Campus rallies celebrating the atrocities committed against Israel show just how deeply antisemitism has infected many of America's colleges and universities.
After the horrific Hamas terrorist attack on Israel, students at the University of Wisconsin Madison chanted, "Glory to the martyrs."
Cornell University Professor Russell Rickford called the Hamas killings "exhilarating."
An instructor at Stanford has been suspended for allegedly making Jewish students stand in a corner while publicly referring to them as "colonizers."
Critics call it a direct result of the Boycott, Divestments, and Sanctions (BDS) movement against Israel.
Many colleges and universities have allowed and even promoted pro-Hamas anti-Jewish rhetoric for decades. The attack on Israel has shown just where that policy has led.
"This week on college campuses is a culmination of two generations of activist scholars using college classrooms to create indoctrination camps," says Dr. Zachary Marschall, editor-in-chief at Campus Reform. "Where they use leftist ideology and anti-Israel critiques working to perpetuate anti-Semitism."
The anti-Israel BDS movement has been allowed to flourish on campuses nationwide, and uses the chant "from the river to the sea" in protests, calling for the destruction of Israel.
After the Oct. 7 Hamas attack on Israel, the BDS movement's website posted and later deleted that it supported the slaughter of Israelis by Hamas calling it "heroic" and "justified."
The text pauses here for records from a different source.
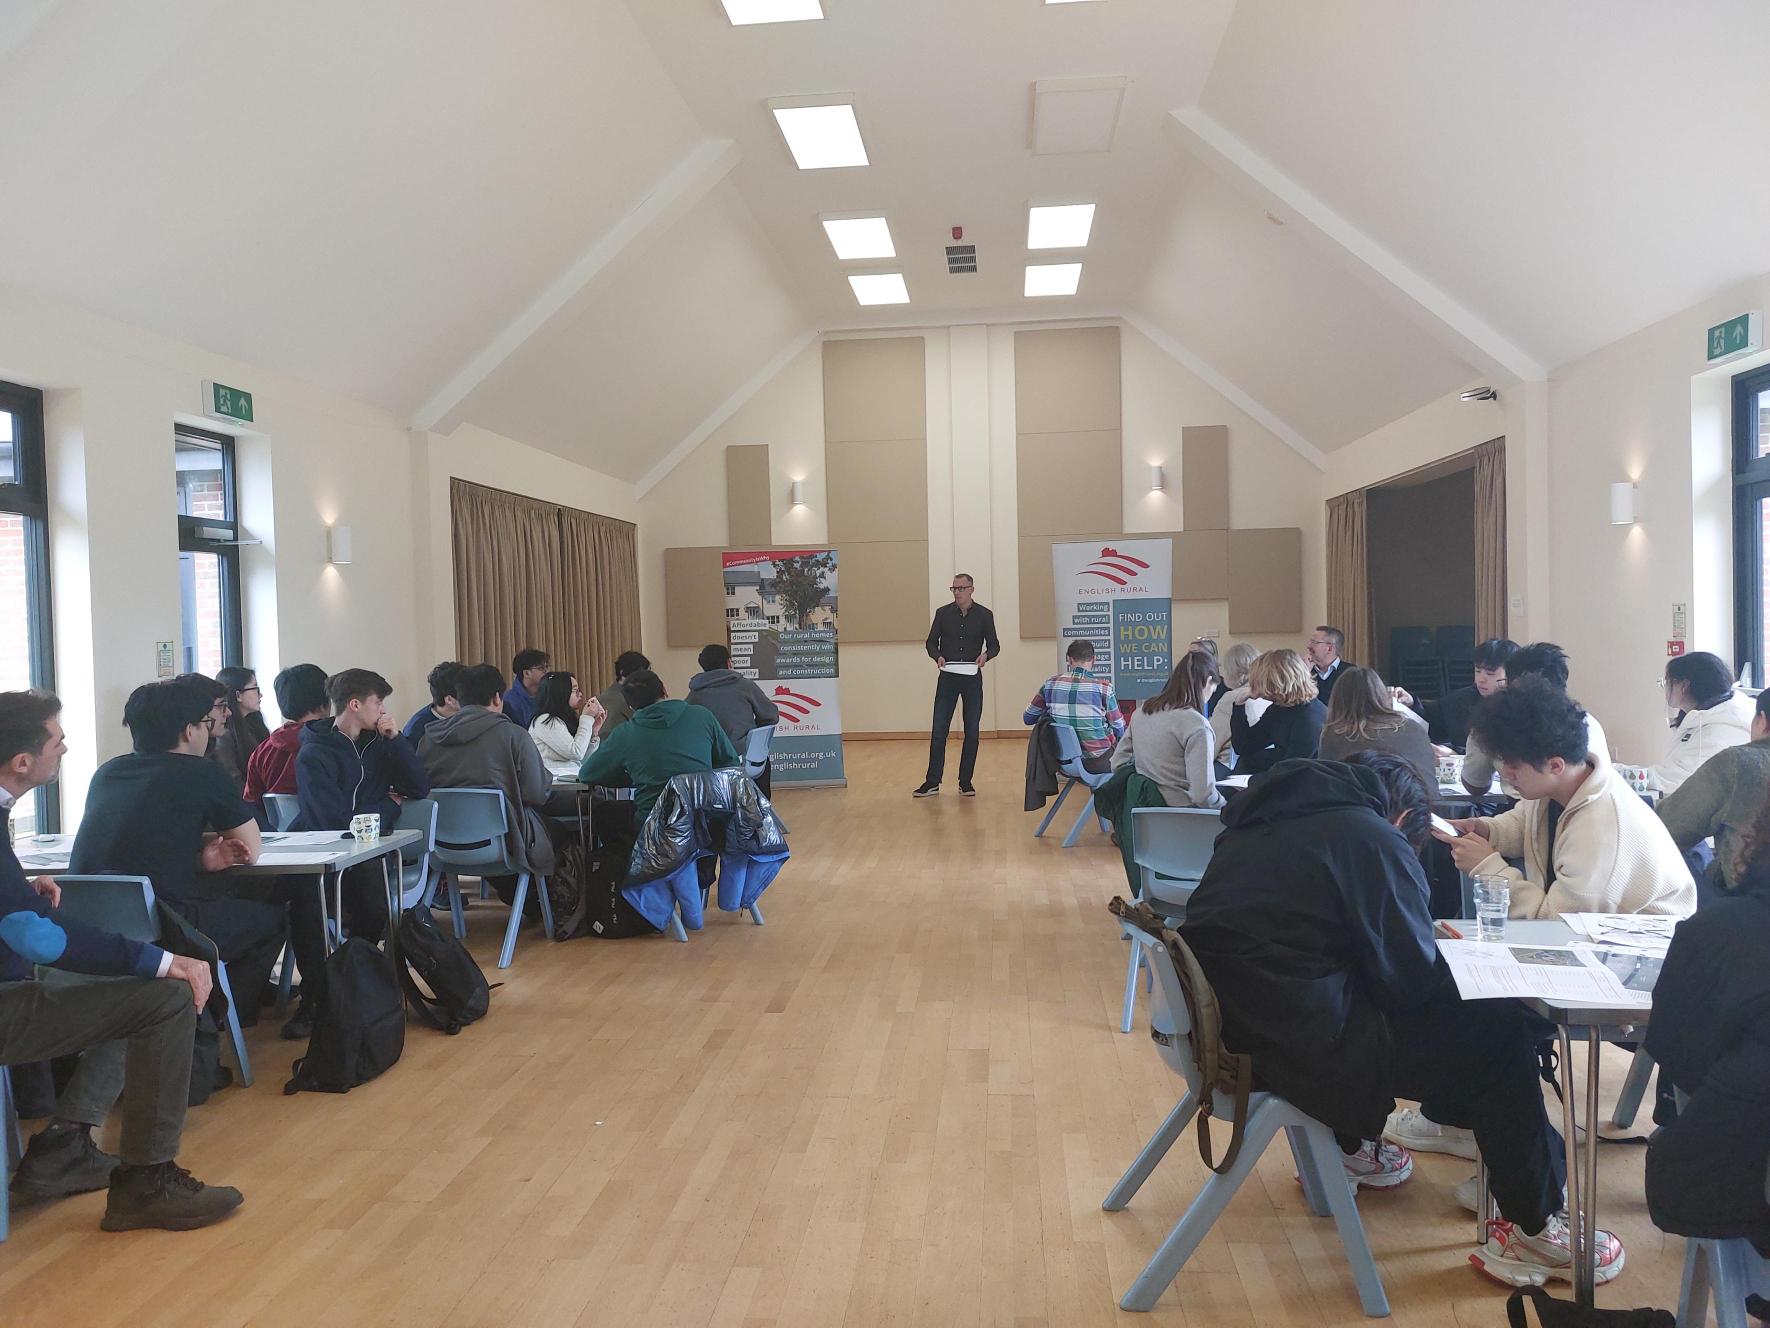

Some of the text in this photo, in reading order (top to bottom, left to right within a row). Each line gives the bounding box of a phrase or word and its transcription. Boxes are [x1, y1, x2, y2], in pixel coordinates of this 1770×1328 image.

[1078, 587, 1116, 595] ENGLISH
[1079, 603, 1109, 612] Working
[1119, 612, 1168, 622] FIND OUT
[732, 620, 768, 628] Affordable
[732, 632, 757, 640] doesn't
[793, 631, 810, 639] rural
[1064, 628, 1109, 636] communities
[1120, 625, 1168, 640] HOW
[780, 643, 820, 651] consistently
[1119, 642, 1168, 653] WE CAN
[733, 658, 749, 666] poor
[812, 655, 834, 663] design
[1120, 656, 1168, 670] HELP:
[792, 667, 834, 675] construction
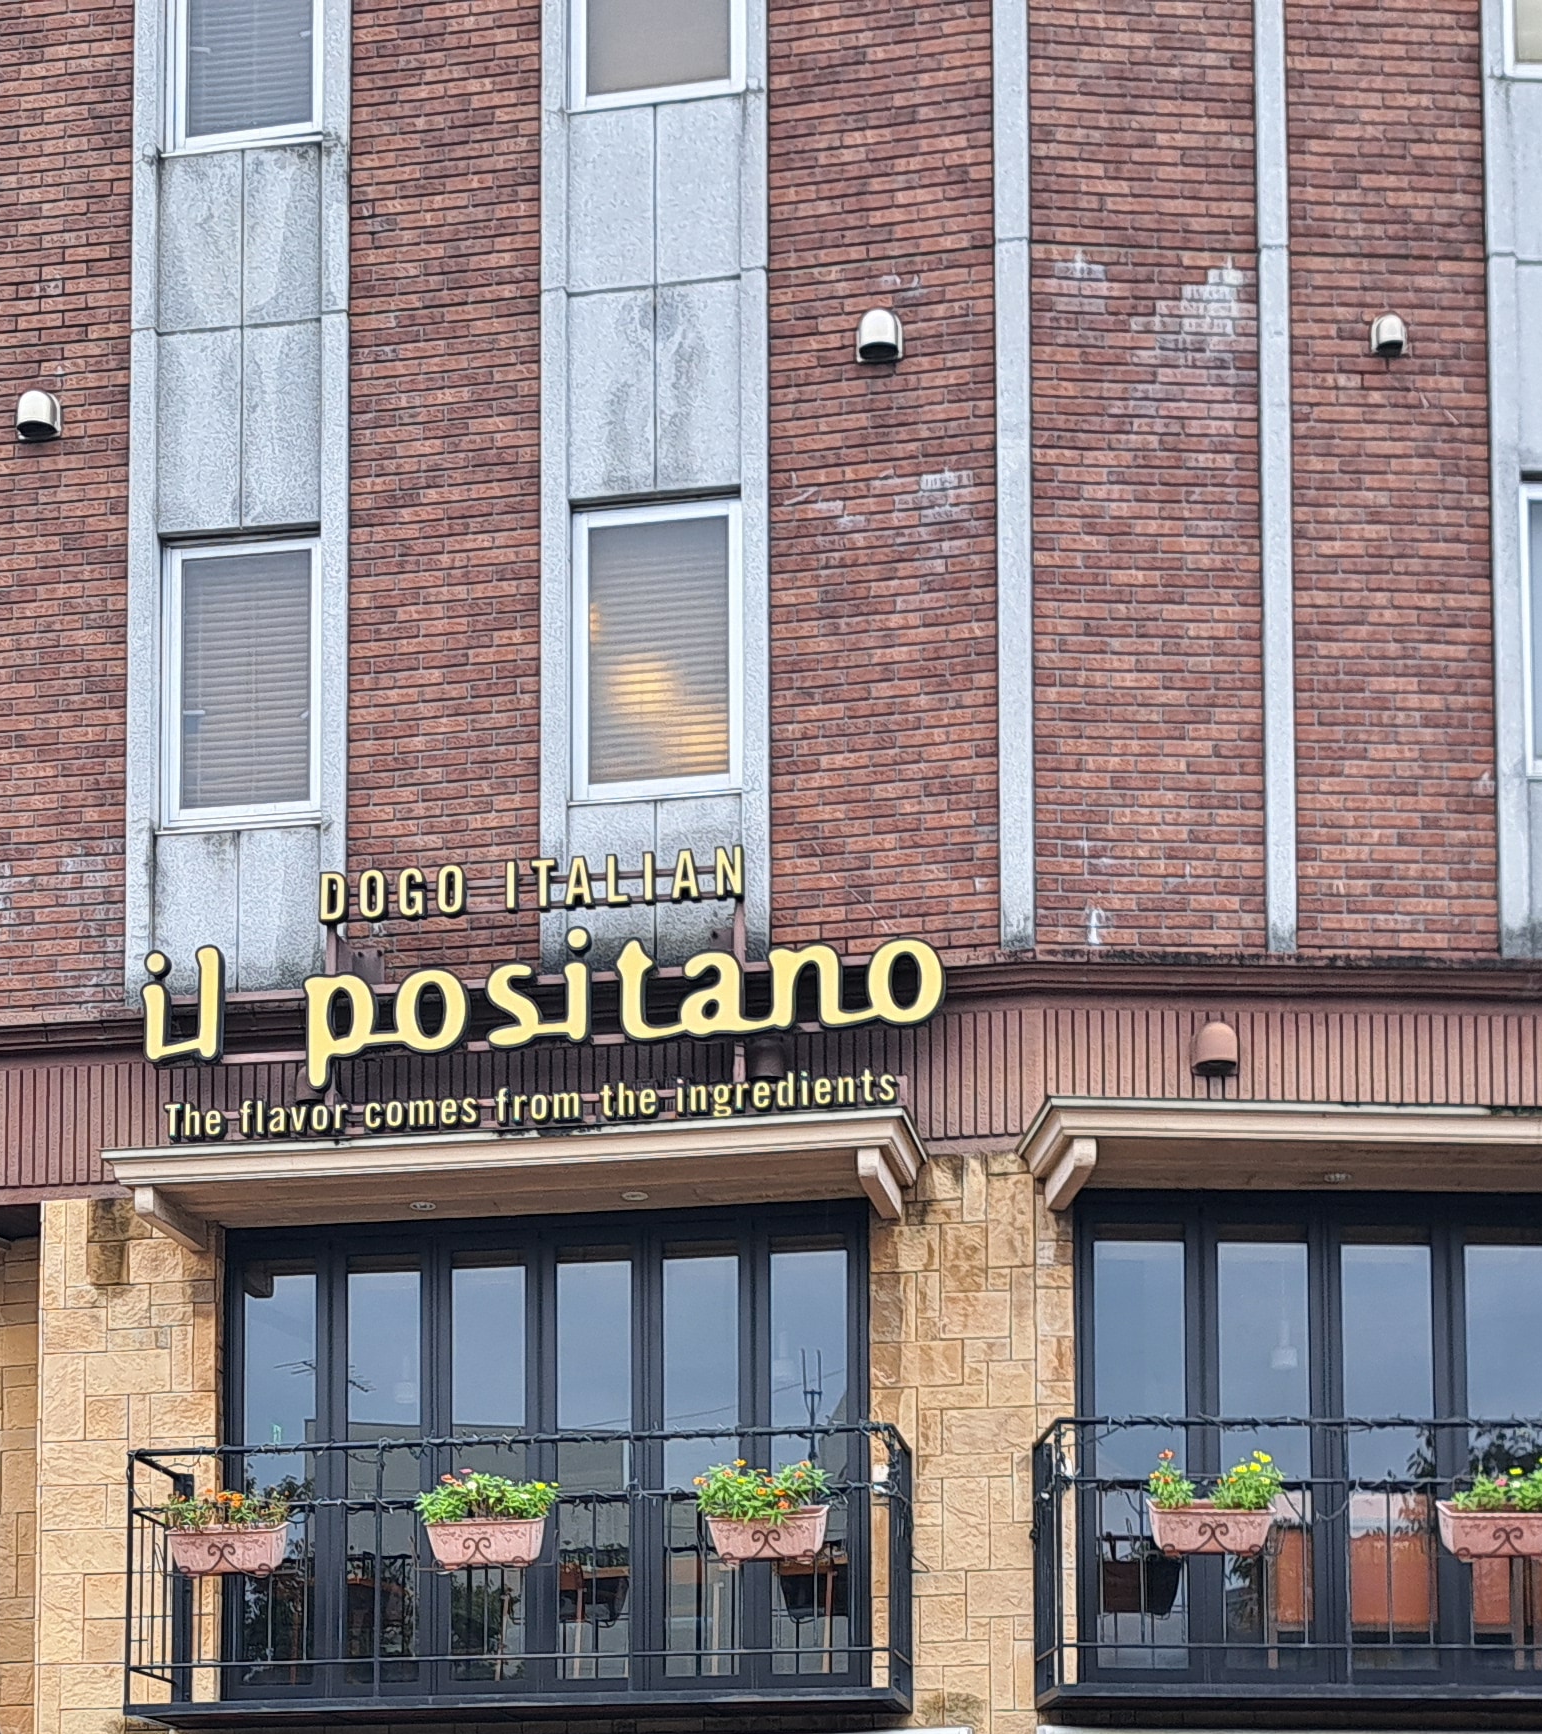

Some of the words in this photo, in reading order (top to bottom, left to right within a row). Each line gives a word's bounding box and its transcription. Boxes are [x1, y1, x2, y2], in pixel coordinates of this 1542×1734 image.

[319, 864, 466, 924] DOGO
[505, 845, 745, 911] ITALIAN
[142, 945, 225, 1064] il
[303, 926, 947, 1091] positano
[164, 1103, 224, 1138] The
[239, 1098, 348, 1135] flavor
[362, 1096, 479, 1129] comes
[495, 1087, 581, 1123] from
[600, 1081, 658, 1118] the
[674, 1068, 897, 1118] ingredients
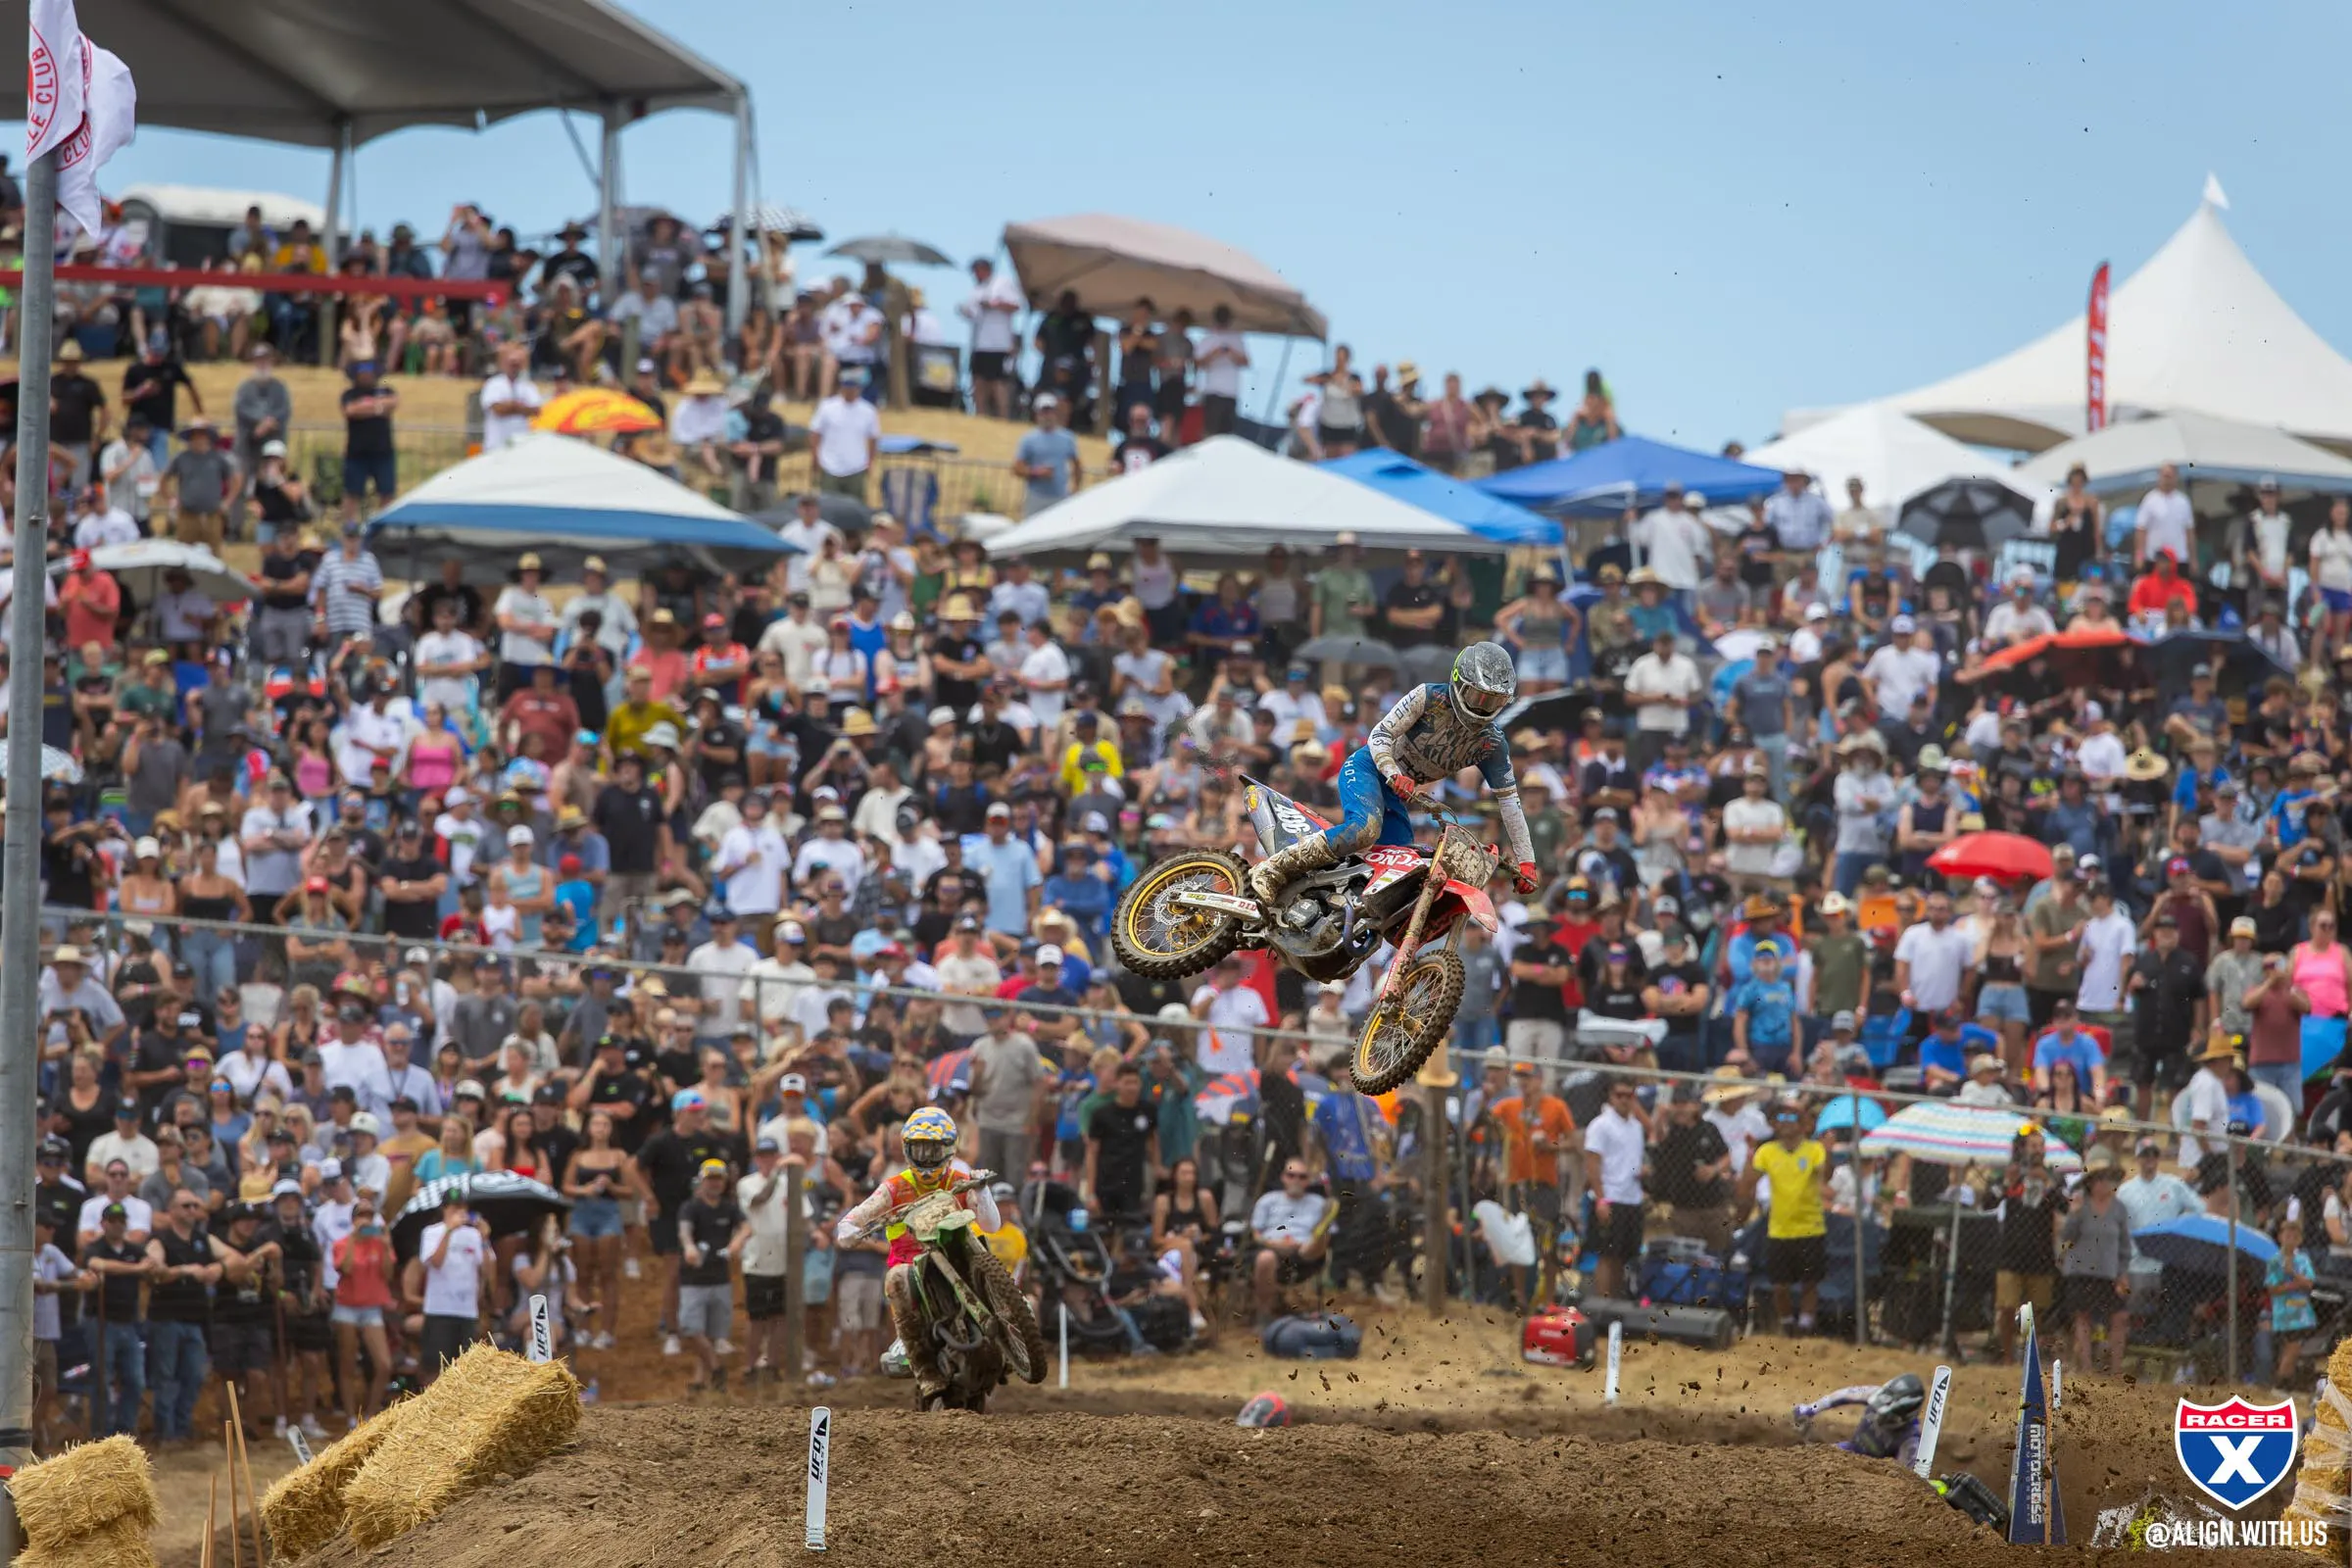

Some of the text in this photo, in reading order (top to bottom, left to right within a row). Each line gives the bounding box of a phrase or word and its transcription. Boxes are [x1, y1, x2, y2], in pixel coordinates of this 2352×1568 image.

The BDS movement, which has long claimed to have originated from the Palestinian people, was, according to BDS historian Gerald Steinberg, created by the Soviet Union, the British Labor Party, and Muslim nations who oppose Israel.
Dexter Van Zile, managing editor at Focus on Western Islamism said, "Not only is it a moral failing and an intellectual failing and just a scandal, but it's a strategic threat to the American Republic to allow this to continue."
Van Zile said the Hamas terror attack finally exposed the BDS movement for what it is really about, the destruction of the state of Israel.
"It's been a long time coming and the October 7th attack exposed it," he said.
A major campus group behind the BDS movement is Students for Justice in Palestine (SJP). After the Hamas attack, Boston University's SJP chapter posted that "victory is ours."
Universities like Harvard have been embarrassed and have also lost donations because of pro-Hamas support.
It's gotten so bad that Ezekiel Emanuel, longtime Democrat and brother of Rahm (current United States ambassador to Japan) wrote an op-ed published in Wednesday's New York Times titled "The Moral Deficiencies of a Liberal Education."
Van Zile said "It's terrifying and sad that it took the deaths of over a thousand Jews in Israel to direct people to the totalitarian forces that are now running amuck on college campuses in the United States. But that's what it took."